ジョグボタンを押している間だけ出力がONする全体構成図
ジョグボタンを押している間だけジョグ指令を出し、手を離すと出力を止めるのが基本です。

ジョグ運転は「少しだけ動かす」ための操作

コンベア、シリンダ、モータ、位置合わせ機構などで、いきなり連続運転させたくない時に使います。 設備を少しずつ動かせるので、調整や復旧確認で役立ちます。

先輩の案内キャラクター

先輩ジョグは「押している間だけ少し動かす」操作だよ。位置合わせや試運転ではかなりよく出てくるよ。

後輩の案内キャラクター

後輩押したら動き続けるのではなく、手を離したら止まるのがポイントなんですね。

ジョグ運転の基本動作

ジョグ運転では、ジョグボタンを押している間だけジョグ指令を有効にします。 ボタンを離したら指令が切れ、出力も止まるようにします。

ただし、ジョグボタンだけで出力を直接ONするのではなく、運転許可、非常停止、異常なし、モード条件などを組み合わせて考えることが多いです。 「ジョグボタンが押された」かつ「動かしてよい条件がそろっている」時だけ動くようにします。

ジョグPB

作業者が押している間だけ、ジョグ指令の元になる入力です。

運転許可

非常停止解除、異常なし、安全条件OKなど、動かしてよい条件です。

ジョグ指令

ジョグPBと許可条件が成立した時だけONする内部条件です。

出力

モータ、シリンダ、ソレノイドなど、実際に動かす対象へつながります。

ジョグは「手動操作」の一種として見る

ジョグ運転は、自動運転とは別に手動操作で設備を少し動かすための考え方です。 手動・自動切替回路と組み合わせる場合は、手動モード中だけジョグを有効にすることが多いです。

自己保持回路との違い

ジョグ運転回路で大事なのは、基本的に自己保持を使わないことです。 自己保持を入れると、ボタンを離しても動き続けるため、ジョグの「押している間だけ」という考え方と合わなくなります。

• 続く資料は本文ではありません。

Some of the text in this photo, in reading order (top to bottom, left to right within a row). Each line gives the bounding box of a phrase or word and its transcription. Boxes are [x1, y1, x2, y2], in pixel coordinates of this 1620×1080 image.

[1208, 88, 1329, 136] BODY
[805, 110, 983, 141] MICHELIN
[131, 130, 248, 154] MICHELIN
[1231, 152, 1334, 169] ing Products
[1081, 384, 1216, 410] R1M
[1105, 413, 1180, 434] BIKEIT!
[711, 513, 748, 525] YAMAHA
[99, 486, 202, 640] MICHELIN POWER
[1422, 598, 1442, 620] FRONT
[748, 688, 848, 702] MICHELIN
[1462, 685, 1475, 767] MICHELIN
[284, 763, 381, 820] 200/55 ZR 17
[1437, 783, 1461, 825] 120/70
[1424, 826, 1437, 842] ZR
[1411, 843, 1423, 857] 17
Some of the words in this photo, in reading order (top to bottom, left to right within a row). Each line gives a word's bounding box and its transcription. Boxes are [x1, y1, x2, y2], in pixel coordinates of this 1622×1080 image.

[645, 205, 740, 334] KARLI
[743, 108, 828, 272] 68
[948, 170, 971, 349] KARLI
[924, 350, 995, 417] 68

運転を続けたい時は自己保持回路、少しだけ動かしたい時はジョグ運転回路、というように目的で分けて考えると整理しやすいです。

ジョグ運転回路と自己保持回路の違いを比較した図
ジョグ運転は押している間だけ動かし、自己保持は起動後に運転状態を続けるために使います。
項目 ジョグ運転回路 自己保持回路
主な目的 少しだけ動かす 運転を継続する
ボタンを離した時 出力を止める 停止条件が入るまで運転を続ける
よく使う場面 位置合わせ、試運転、復旧確認 通常運転、起動保持、連続運転
注意点 許可条件や安全条件を必ず見る 停止条件やインターロックを必ず見る

「少し動かす」つもりで保持させない

ジョグ操作のつもりで自己保持が入っていると、手を離しても動き続ける可能性があります。 設備の動き方と回路の目的が合っているかを確認することが大切です。

簡略ラダー例

ジョグ運転回路を簡略化すると、ジョグPBと許可条件を直列に入れて、ジョグ出力へつなぐ形になります。 押している間だけONするため、基本形では自己保持接点を入れません。

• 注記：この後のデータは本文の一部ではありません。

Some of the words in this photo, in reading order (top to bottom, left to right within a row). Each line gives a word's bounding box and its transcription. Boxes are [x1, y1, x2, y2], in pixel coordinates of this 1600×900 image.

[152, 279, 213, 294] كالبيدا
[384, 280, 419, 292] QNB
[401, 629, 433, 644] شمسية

この例では、手動モード、運転許可、禁止条件なしが成立している時だけジョグ許可がONします。 そのうえで、ジョグPBを押している間だけジョグ指令と出力がONします。

ジョグ出力の前に許可条件を入れる

ジョグ操作は手動で動かせるため便利ですが、何でも動かせるようにしてよいわけではありません。 非常停止、異常、インターロック、モード条件などを確認した上で出力するのが基本です。

現場での確認ポイント

ジョグ運転が動かない時は、ジョグPBだけでなく、手動モード、運転許可、禁止条件、出力側を順番に確認します。 逆に、手を離しても止まらない場合は、自己保持や別の出力条件が混ざっていないかを確認します。

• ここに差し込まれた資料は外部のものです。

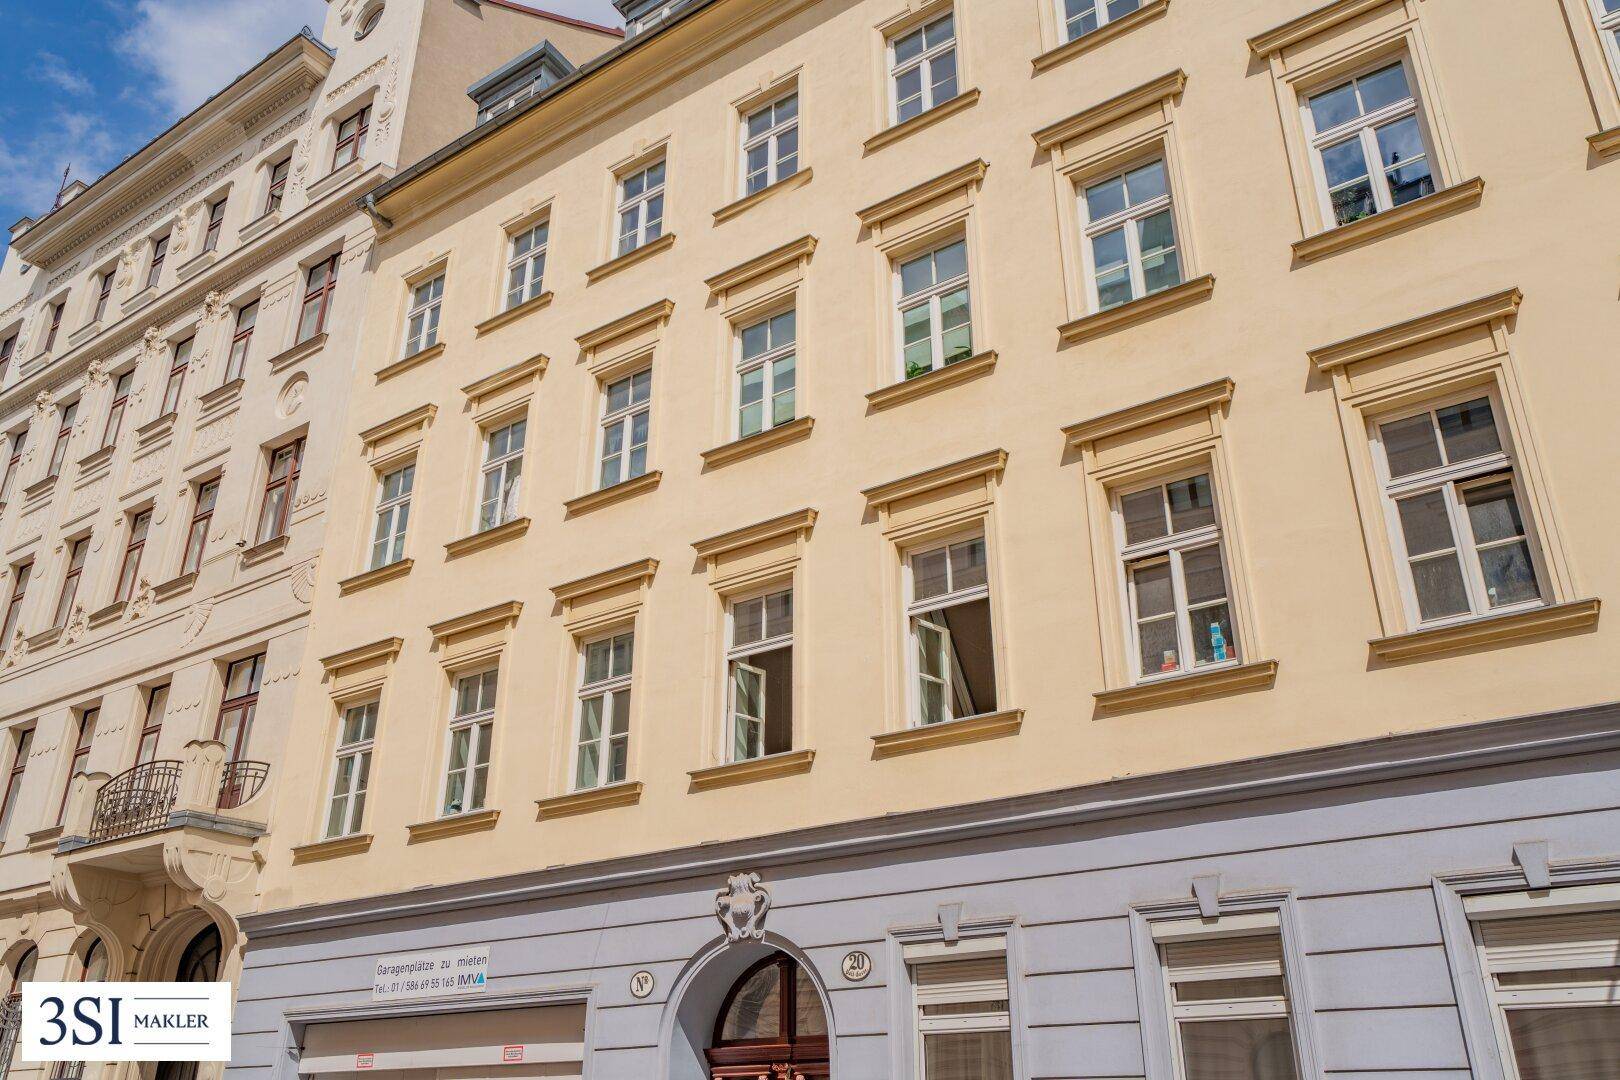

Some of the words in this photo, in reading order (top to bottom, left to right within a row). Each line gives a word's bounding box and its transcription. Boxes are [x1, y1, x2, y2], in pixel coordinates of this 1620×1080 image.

[376, 961, 435, 976] Garagenplätze
[440, 960, 451, 969] zu
[457, 955, 486, 968] mieten
[849, 953, 865, 970] 20
[375, 983, 390, 994] Tel.:
[391, 982, 399, 993] 01
[406, 980, 419, 991] 586
[420, 979, 430, 990] 69
[430, 979, 440, 989] 55
[442, 977, 455, 987] 165
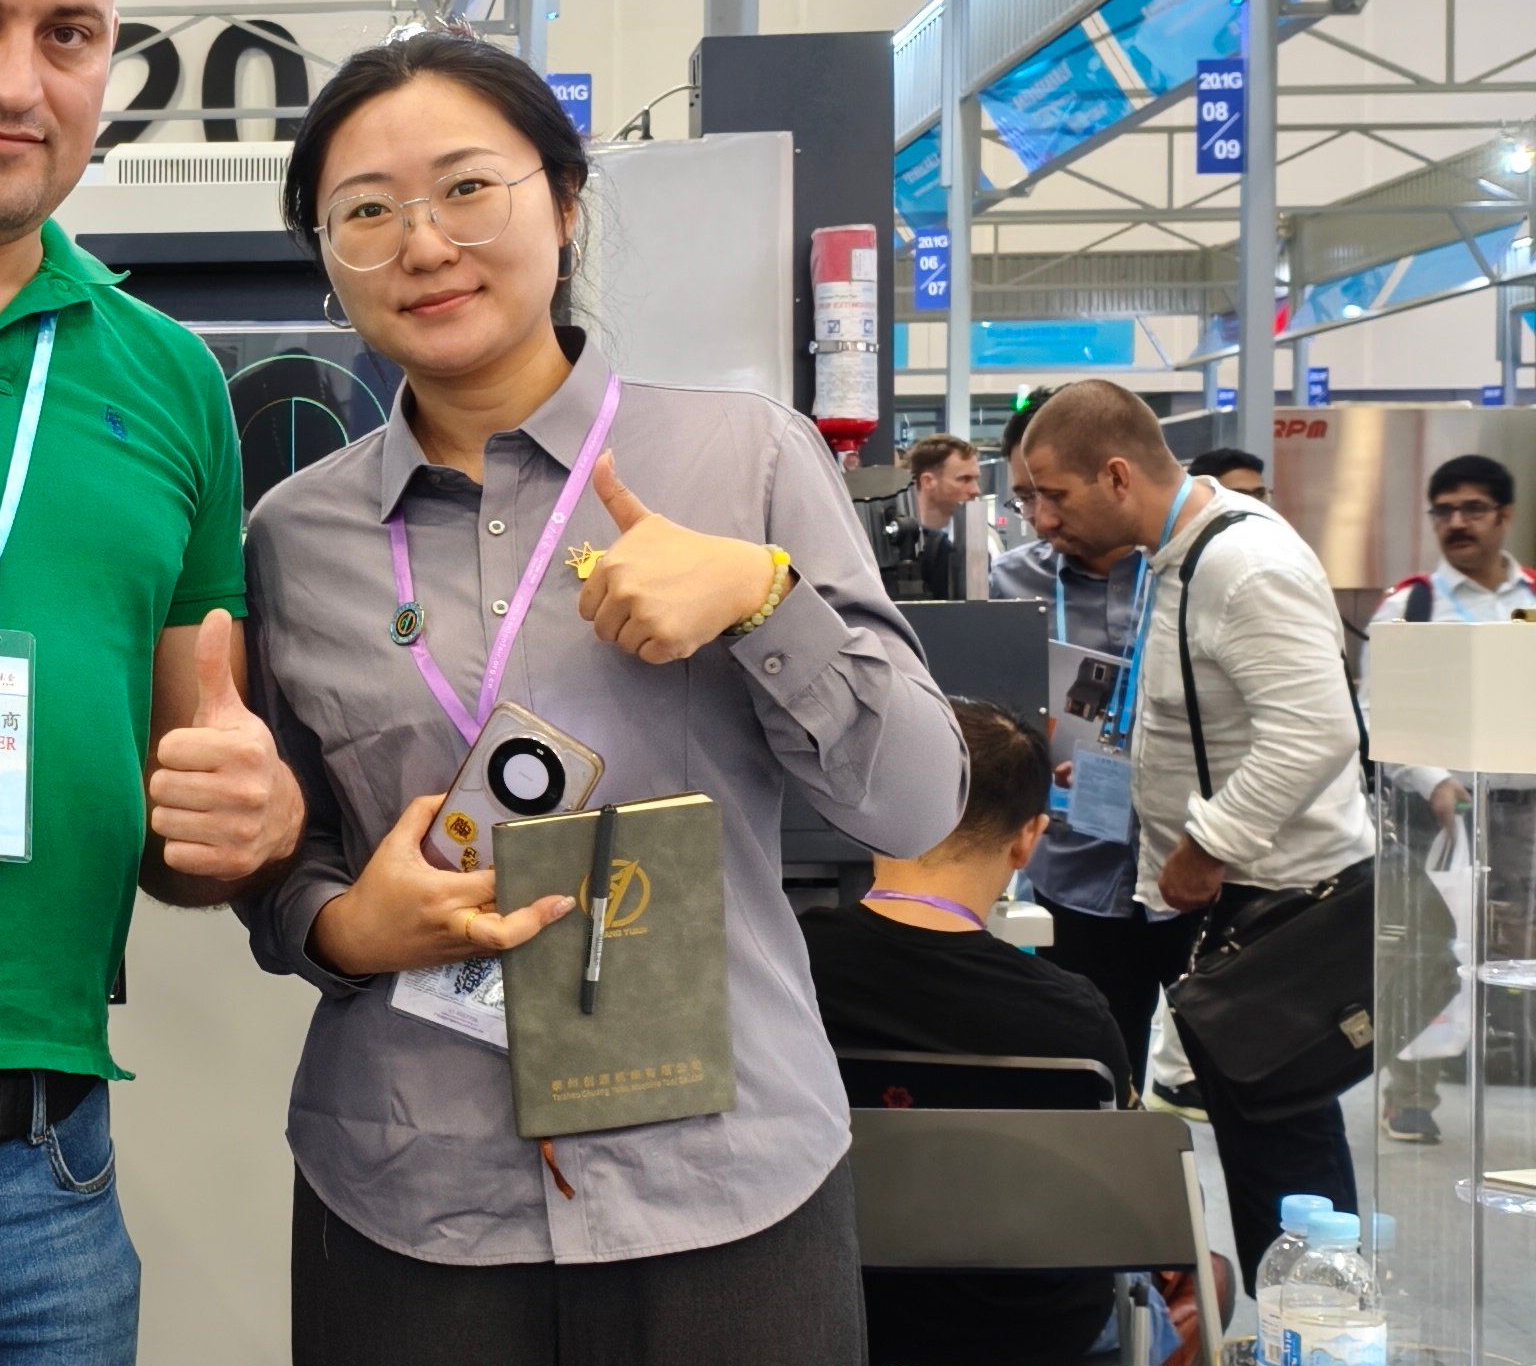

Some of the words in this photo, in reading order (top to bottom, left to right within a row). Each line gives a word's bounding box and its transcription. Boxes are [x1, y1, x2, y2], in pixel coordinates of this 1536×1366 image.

[1202, 100, 1229, 121] 08
[1214, 139, 1241, 159] 09
[920, 257, 938, 271] 06
[928, 282, 948, 296] 07

ジョグ運転回路で確認するポイントをSTEP形式で整理した図
ジョグPB、手動モード、許可条件、禁止条件、出力の順で見ると、動かない原因を追いやすくなります。

ジョグPBが入っているか

入力モニタで、ボタンを押した時だけONしているか確認します。

手動モードになっているか

自動モード中はジョグを無効にする設計も多いため、モード条件を確認します。

運転許可が出ているか

非常停止解除、異常なし、安全条件OKなど、許可条件を確認します。

禁止条件で止まっていないか

インターロック、上限・下限、異常保持などで切れていないか見ます。

自己保持が混ざっていないか

手を離しても止まらない時は、保持接点や別ルートの出力条件を確認します。

出力側が動く状態か

PLC出力、リレー、電磁弁、モータ側の電源や配線も確認します。

ジョグ操作でも安全条件は省略しない

ジョグは手動で少し動かせる便利な操作ですが、設備を実際に動かす操作です。 実機では設備仕様、社内手順、安全確認、メーカー資料に従って作業してください。

まとめ

ジョグ運転回路は、押している間だけ少し動かすための基本回路です。 位置合わせ、試運転、復旧確認などで使いやすく、手動操作の中でも現場でよく出てきます。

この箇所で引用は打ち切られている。